## Work to be completed
Set each entry down verbatim, omitting images.

## Entries shown
----

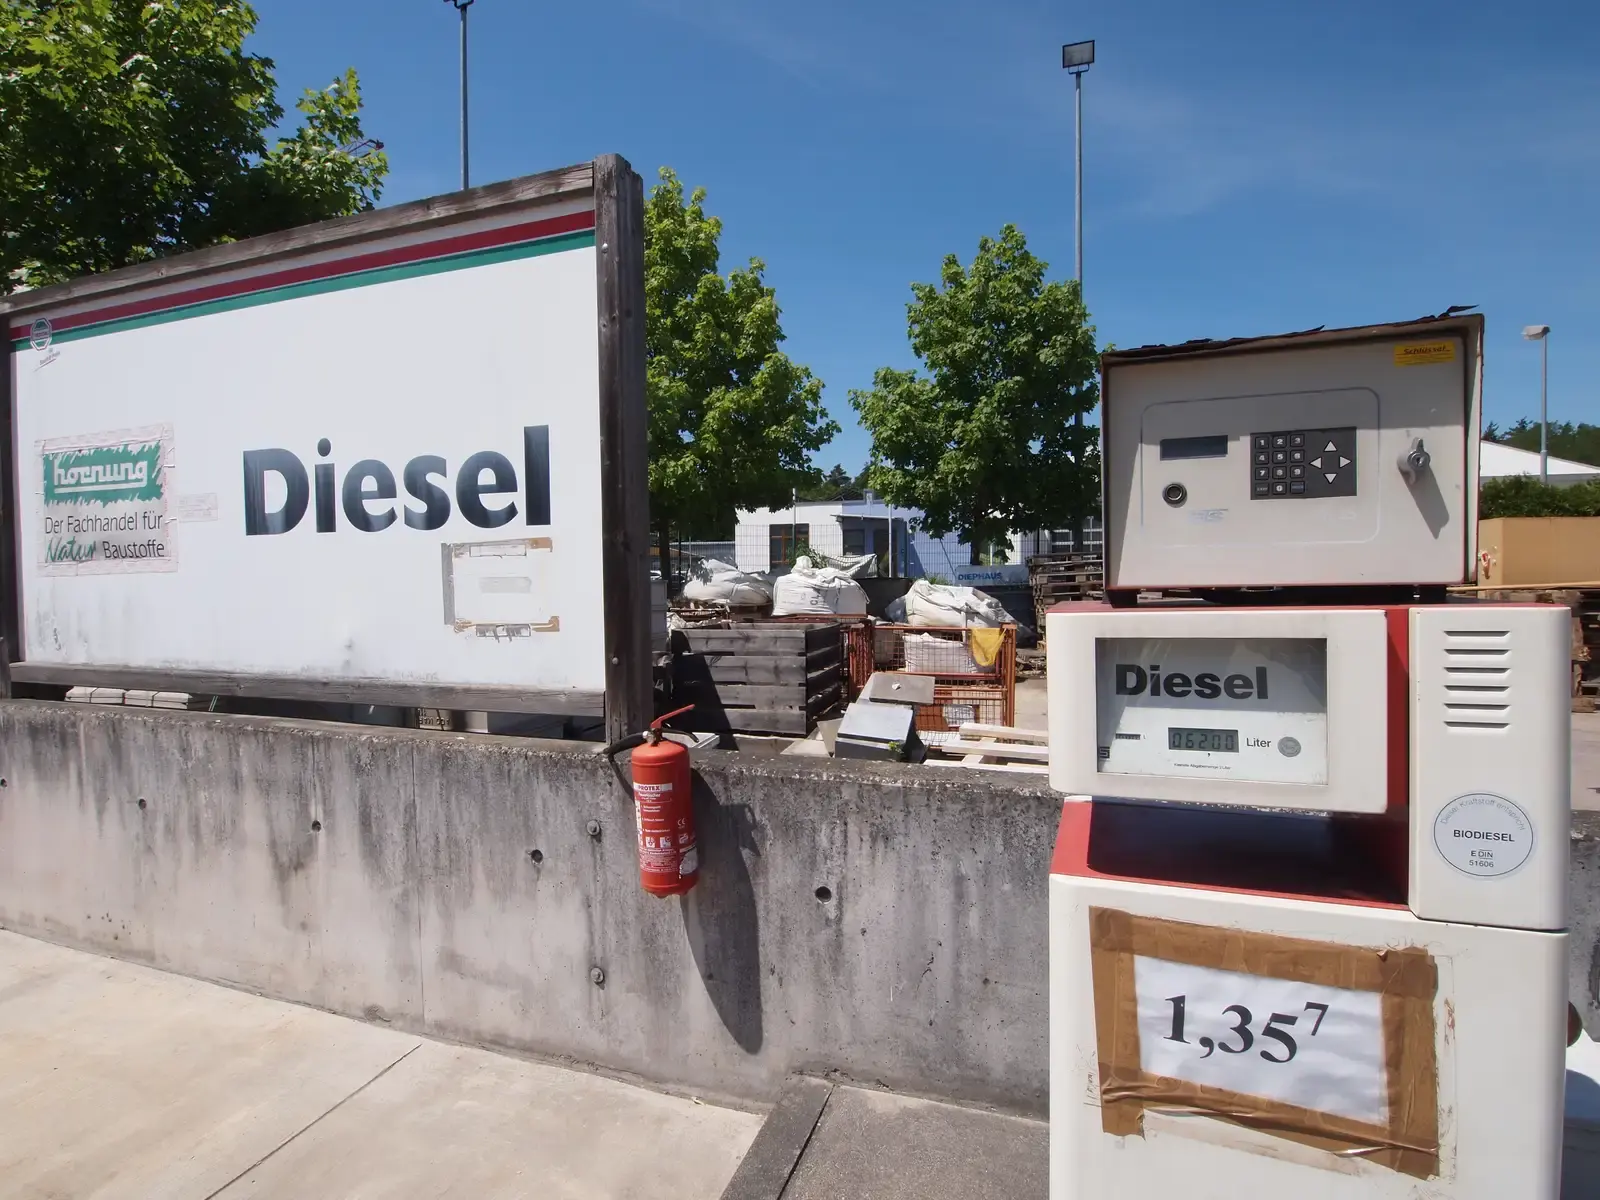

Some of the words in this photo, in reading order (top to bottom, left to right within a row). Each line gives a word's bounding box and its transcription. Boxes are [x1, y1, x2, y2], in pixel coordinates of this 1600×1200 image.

[54, 459, 148, 488] hornung
[243, 425, 551, 536] Diesel
[45, 516, 64, 534] Der
[67, 512, 138, 533] Fachhandel
[142, 511, 163, 531] für
[45, 536, 97, 563] Natur
[102, 540, 165, 559] Baustoffe
[957, 572, 1003, 581] DIEPHAUS
[1115, 664, 1268, 700] Diesel
[1246, 737, 1272, 748] Liter
[1459, 797, 1496, 808] Kraftstoff
[1496, 803, 1526, 831] entspricht
[1453, 829, 1515, 842] BIODIESEL
[1468, 859, 1494, 868] 51606
[1478, 849, 1494, 859] DIN
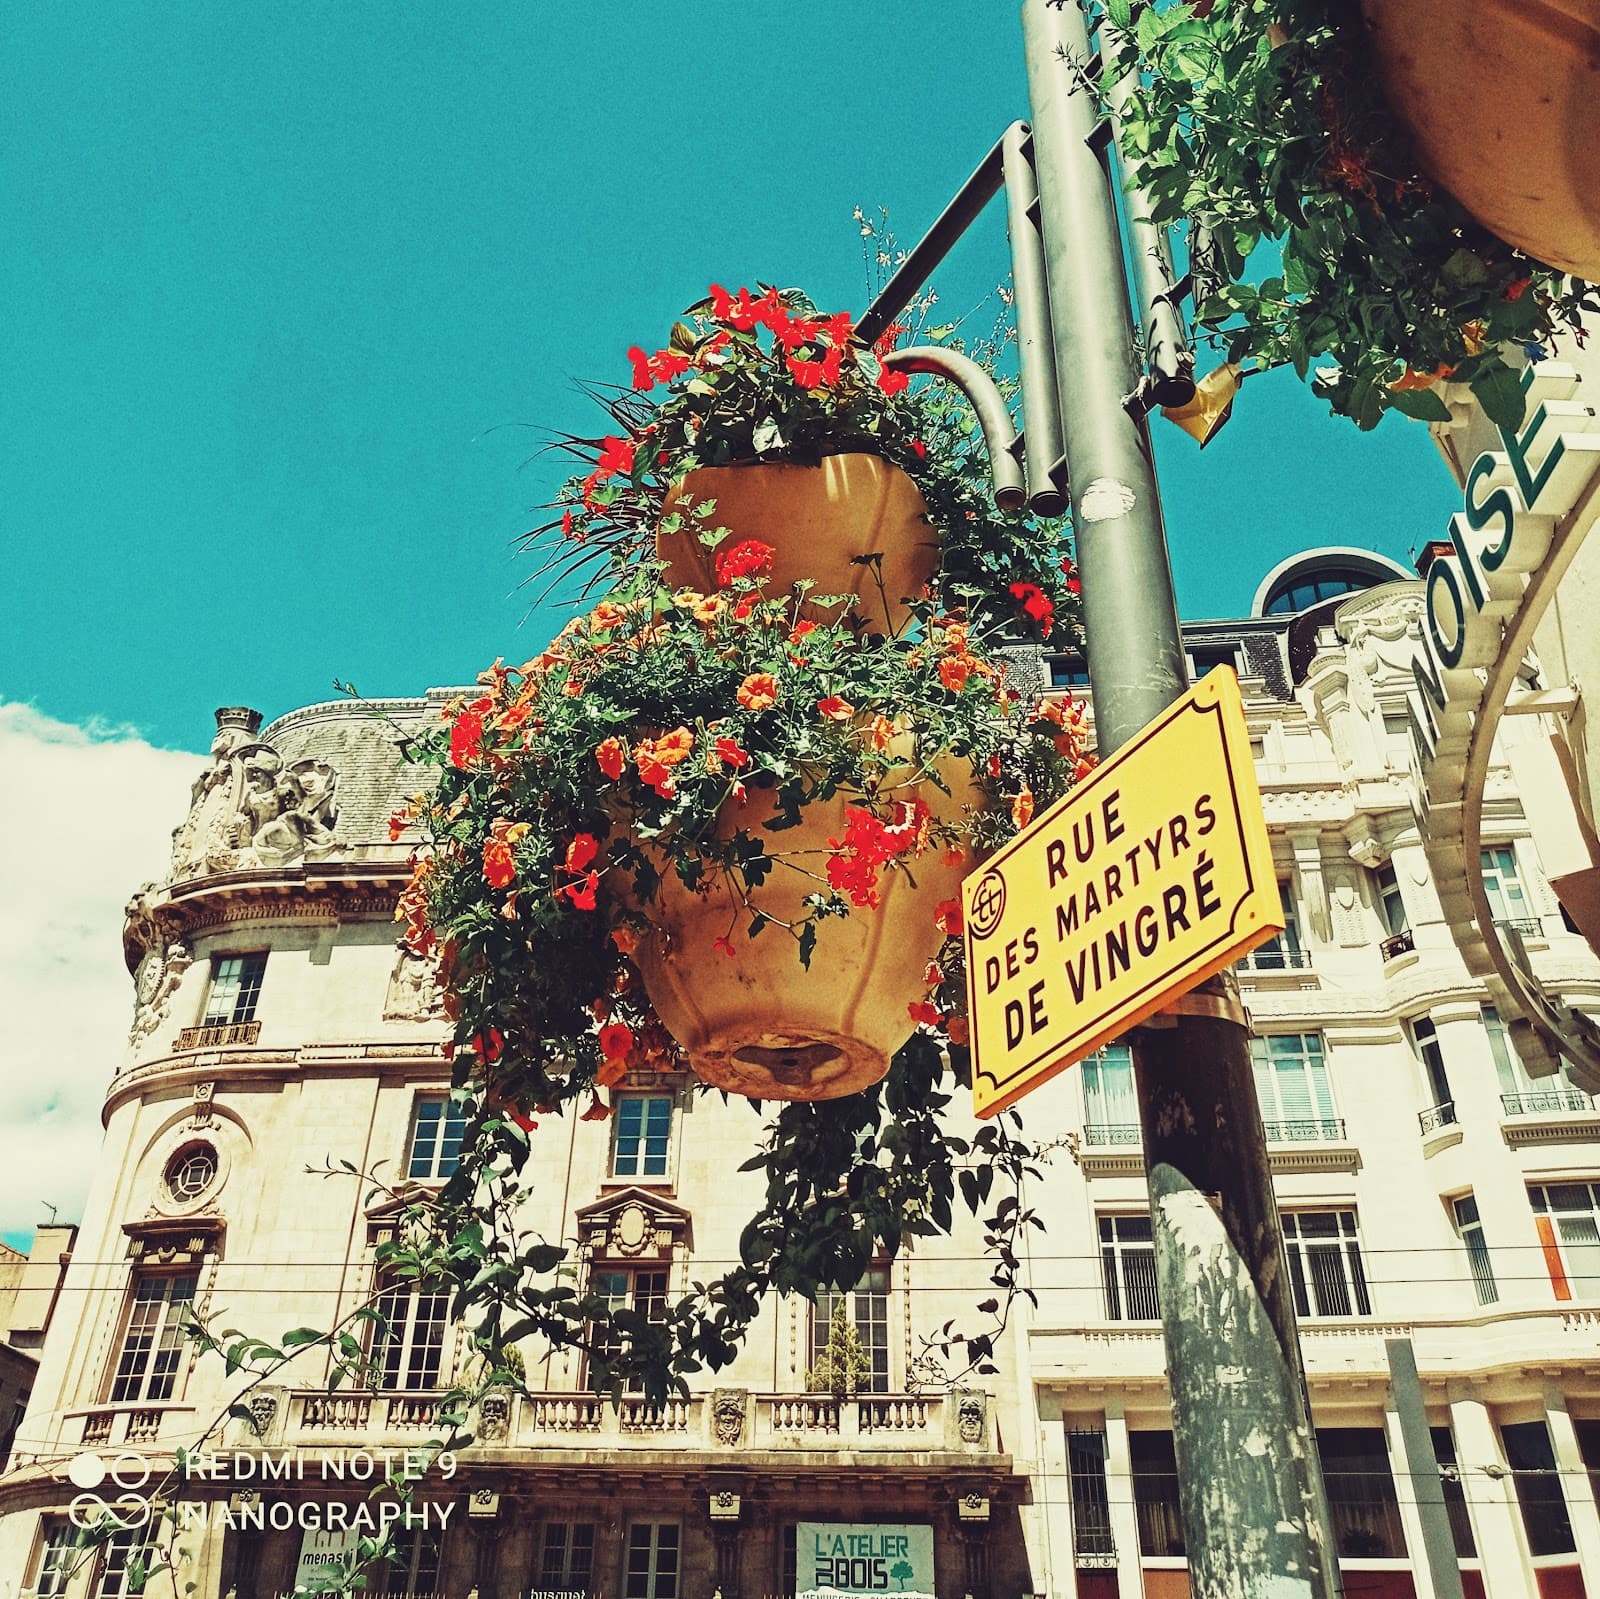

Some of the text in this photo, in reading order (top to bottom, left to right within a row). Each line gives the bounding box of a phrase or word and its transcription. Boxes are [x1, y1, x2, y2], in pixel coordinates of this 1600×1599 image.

[1047, 789, 1125, 888] RUE
[985, 927, 1039, 994] DES
[1056, 794, 1216, 942] MARTYRS
[1005, 980, 1049, 1051] DE
[1066, 849, 1221, 1004] VINGRÉ
[815, 1533, 908, 1558] L'ATELIER
[834, 1558, 888, 1589] BOIS
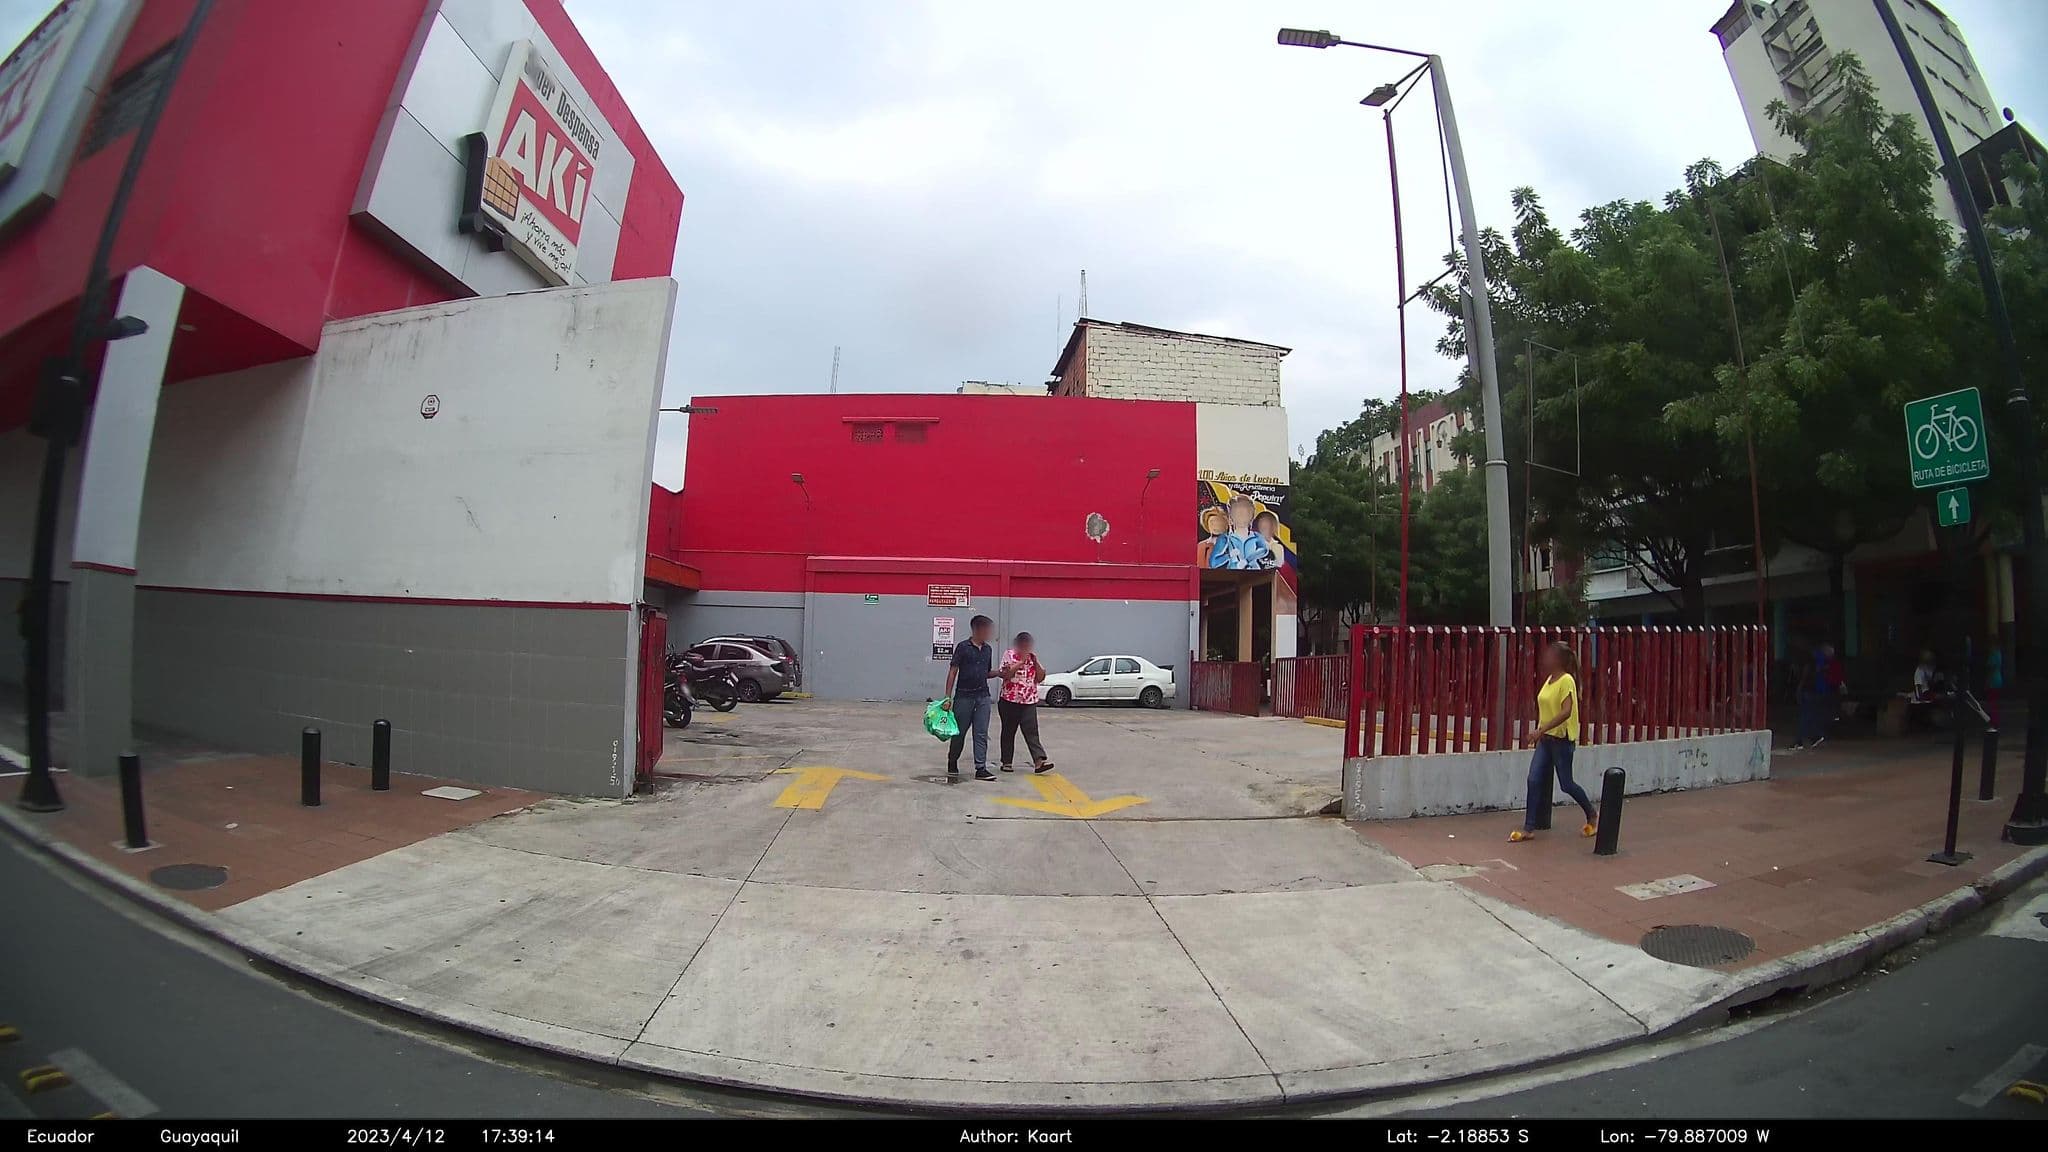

----

## Task solution
Some of the words in this photo, in reading order (top to bottom, left to right within a row). Each line gives a word's bounding box and its transcription. Boxes are [x1, y1, x2, y2], in pixel coordinates of this 1600×1200 image.

[54, 459, 148, 488] hornung
[243, 425, 551, 536] Diesel
[45, 516, 64, 534] Der
[67, 512, 138, 533] Fachhandel
[142, 511, 163, 531] für
[45, 536, 97, 563] Natur
[102, 540, 165, 559] Baustoffe
[957, 572, 1003, 581] DIEPHAUS
[1115, 664, 1268, 700] Diesel
[1246, 737, 1272, 748] Liter
[1459, 797, 1496, 808] Kraftstoff
[1496, 803, 1526, 831] entspricht
[1453, 829, 1515, 842] BIODIESEL
[1468, 859, 1494, 868] 51606
[1478, 849, 1494, 859] DIN

Some of the text in this photo, in reading order (top to bottom, left to right within a row). Each line gives the bounding box of a phrase or word and its transcription. Boxes are [x1, y1, x2, y2], in pixel coordinates of this 1600×1599 image.

[1047, 789, 1125, 888] RUE
[985, 927, 1039, 994] DES
[1056, 794, 1216, 942] MARTYRS
[1005, 980, 1049, 1051] DE
[1066, 849, 1221, 1004] VINGRÉ
[815, 1533, 908, 1558] L'ATELIER
[834, 1558, 888, 1589] BOIS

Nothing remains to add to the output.